The task: How many lines of the data contain the word "HARLOW"? Give only that number.

Spatial localization data:
=== Section Start ===

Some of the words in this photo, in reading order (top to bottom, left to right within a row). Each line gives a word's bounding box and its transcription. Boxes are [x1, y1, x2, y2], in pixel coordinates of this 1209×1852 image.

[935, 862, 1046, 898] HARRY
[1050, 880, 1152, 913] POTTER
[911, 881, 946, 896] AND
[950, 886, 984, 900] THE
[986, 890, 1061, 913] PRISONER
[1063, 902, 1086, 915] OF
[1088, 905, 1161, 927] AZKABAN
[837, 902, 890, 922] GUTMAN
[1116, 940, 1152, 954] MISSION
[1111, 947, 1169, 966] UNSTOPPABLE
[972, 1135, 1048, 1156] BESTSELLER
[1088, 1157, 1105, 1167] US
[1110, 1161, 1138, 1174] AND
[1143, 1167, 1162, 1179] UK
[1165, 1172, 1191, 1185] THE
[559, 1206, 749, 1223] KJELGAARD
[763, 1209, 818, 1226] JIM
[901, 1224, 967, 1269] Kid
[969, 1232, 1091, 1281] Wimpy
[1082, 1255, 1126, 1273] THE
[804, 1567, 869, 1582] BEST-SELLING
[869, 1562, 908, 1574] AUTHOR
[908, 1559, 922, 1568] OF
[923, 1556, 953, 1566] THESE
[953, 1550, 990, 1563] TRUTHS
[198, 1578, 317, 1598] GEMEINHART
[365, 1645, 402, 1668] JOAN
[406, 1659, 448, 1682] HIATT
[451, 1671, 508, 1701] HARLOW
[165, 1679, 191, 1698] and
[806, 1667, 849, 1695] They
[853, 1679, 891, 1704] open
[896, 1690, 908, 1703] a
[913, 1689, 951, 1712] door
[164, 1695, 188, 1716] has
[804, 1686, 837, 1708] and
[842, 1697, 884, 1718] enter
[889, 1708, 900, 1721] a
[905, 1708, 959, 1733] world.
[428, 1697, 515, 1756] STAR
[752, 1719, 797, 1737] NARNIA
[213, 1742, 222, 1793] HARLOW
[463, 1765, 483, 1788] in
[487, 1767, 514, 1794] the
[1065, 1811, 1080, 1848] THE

=== Section End ===

Answer section: 2